She stood up, in the middle of whatever rubbish Werner was uttering and walked around the partition to the other banquette.

Sharpe!

Three British soldiers were sitting around the table with half-drunk beers and scrappy piles of reichsmarks in front of them, poised as a fourth in the pale blue of the Royal Air Force worked his huckster’s magic, hands flashing across the cards.

One of the soldiers was Swift Eddie Clark, who’d worked at Schlüterstraße from time to time. She didn’t know the other two, and the man in RAF blue wasn’t Beckwith Sharpe. Too young, too handsome, too tall. He simply sounded like Sharpe.

She was about to apologise for the interruption when he looked straight at her. Fair hair and light blue eyes. A beguiling rogue’s smile. Were all cockneys charming rogues? Was Sharpe simply a blueprint for the London millions?

“May I?” she said.

Eddie pulled out a chair for her.

“You can’t beat Joe, Miss Burkhardt. He’s the gaffer at this.”

Silently adding “gaffer” to her English vocabulary, she took the deck of cards the one called Joe was holding out to her, picked out the queen of hearts, a seven and a nine and held them up for all to see.
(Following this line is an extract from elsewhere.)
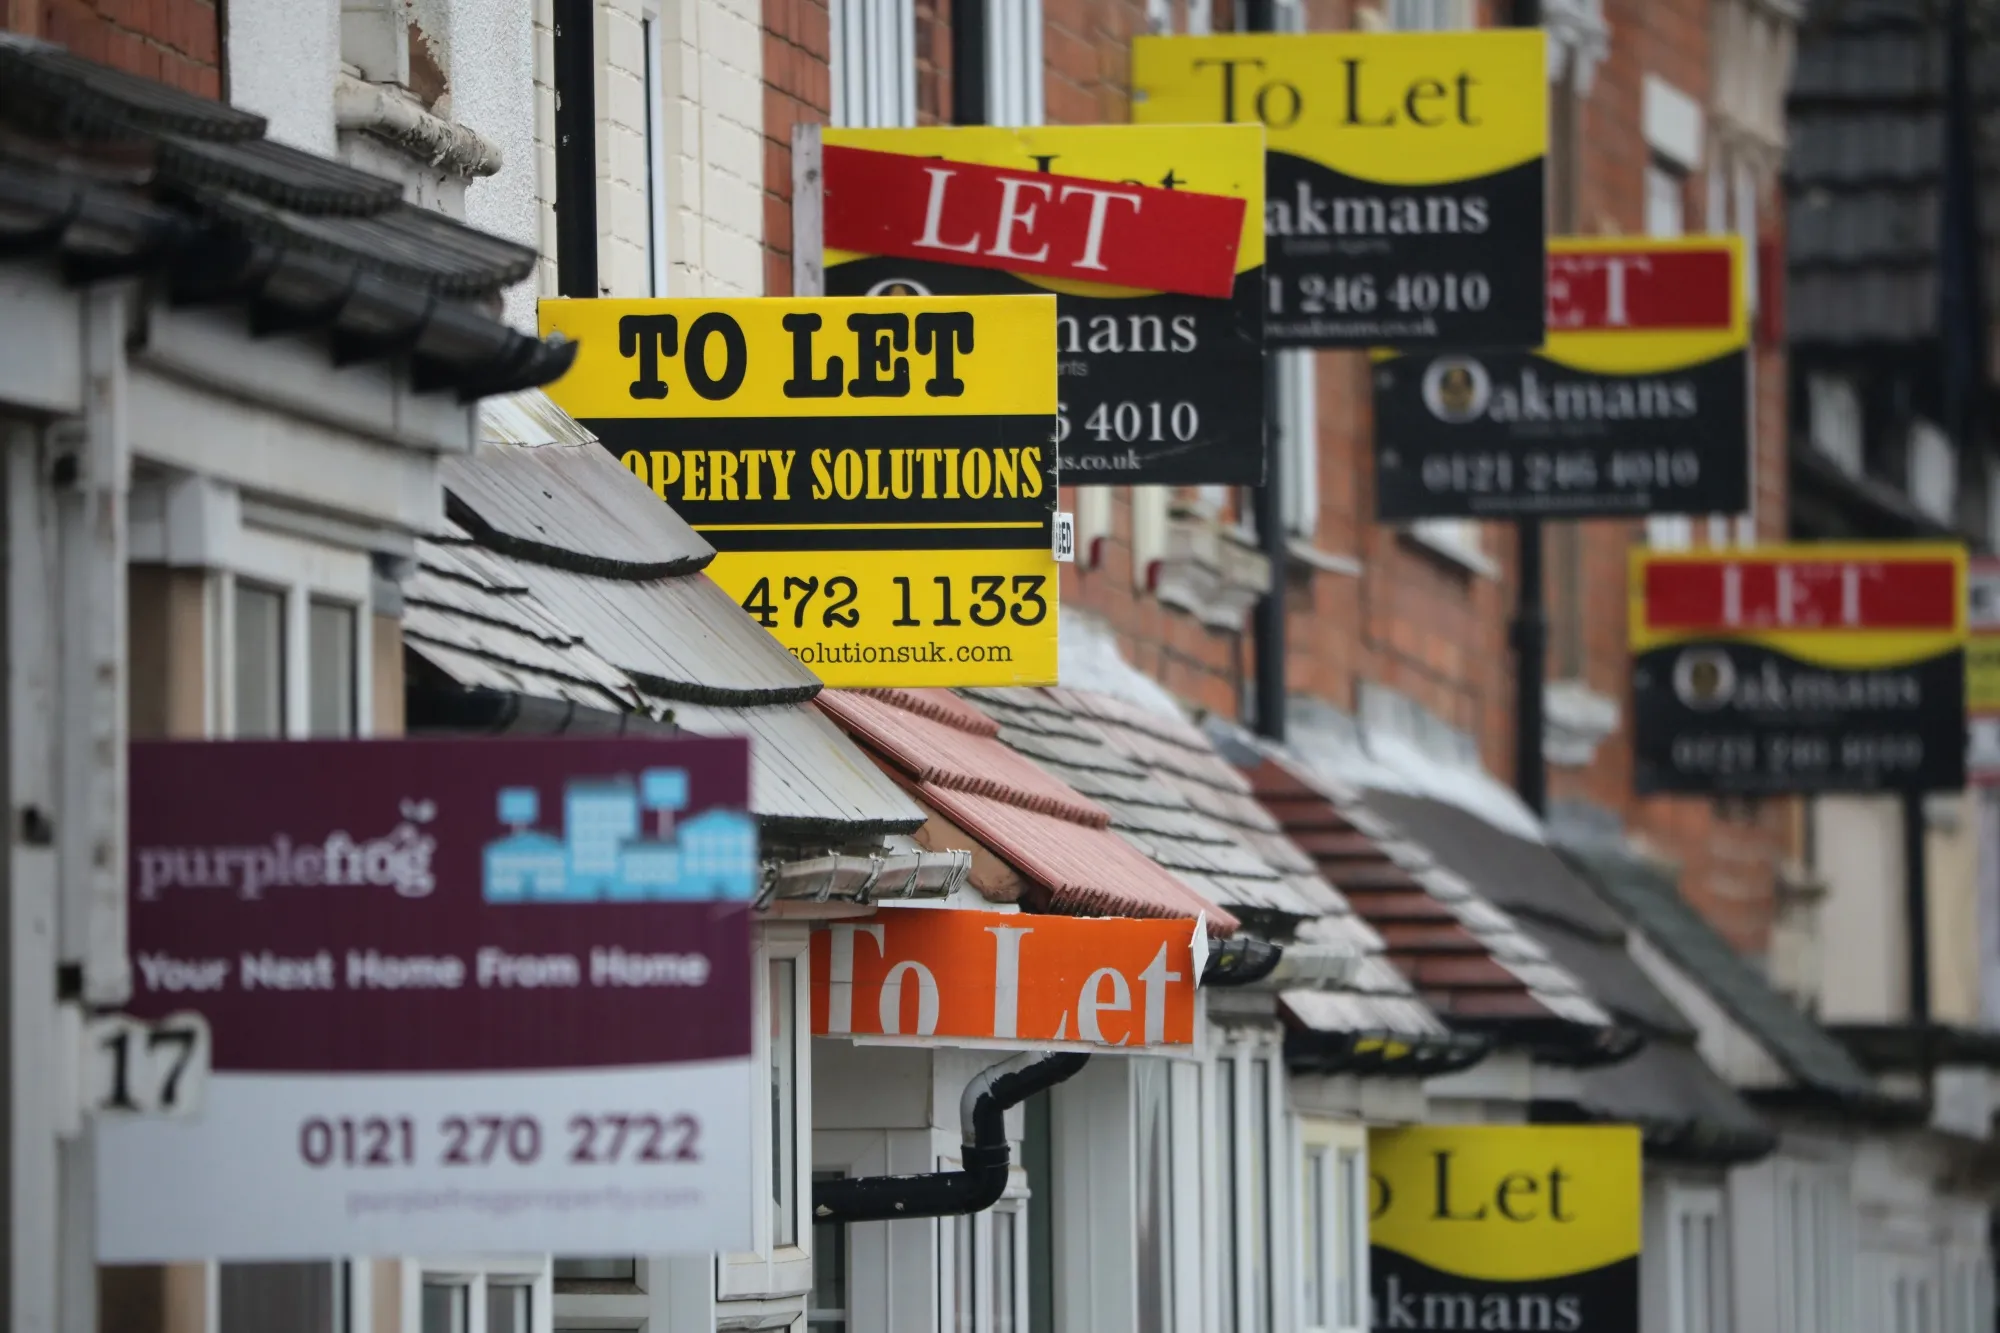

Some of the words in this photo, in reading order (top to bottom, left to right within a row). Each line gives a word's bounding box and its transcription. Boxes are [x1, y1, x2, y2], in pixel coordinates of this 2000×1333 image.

Nun, meine Herren. Mal sehen, wer die Dame finden kann
.”

The Cockney spoke.

“In English, Miss. Eddie and I are OK, but Pie Face here hardly speaks English let alone German.”

Nell concluded the one not laughing was Pie Face. Besides, he had a face like a pie. Flat and puffy at the same time.


Entschuldigung
. And that will be my last word in German.”

She held the red queen and the seven in her left hand, the nine in her right, palms up. Palms down and her hands moved faster than a Paganini variation.

Pie Face said, “It’s Toy Town money after all. Five doodads on . . .”

He put his folded note on the card nearest to him.

Eddie followed suit.

The third man said, “An’ I’m Spud” as he put his note on the centre card. How aptly the English applied their nicknames. Spud, indeed.
Kartoffelgesicht
was clumsy by comparison.

That left the blue-eyed Cockney.

The blue eyes were fixed on her.

She had no wish to give him ideas, and looked in turn at all the others, waiting for him to place his bet.

At last, like a ball decelerating on the rim of a roulette wheel, her eyes came to meet his, the imaginary ball jumping from slot to slot, clicking like a ratchet until their eyes locked. He would get the wrong idea. She knew he would.

His hand poised over the cards, then dropped a 5RM note onto the centre card.

She flipped the outside card, heard Pie Face sigh in defeat as the seven showed. Stared back at Joe.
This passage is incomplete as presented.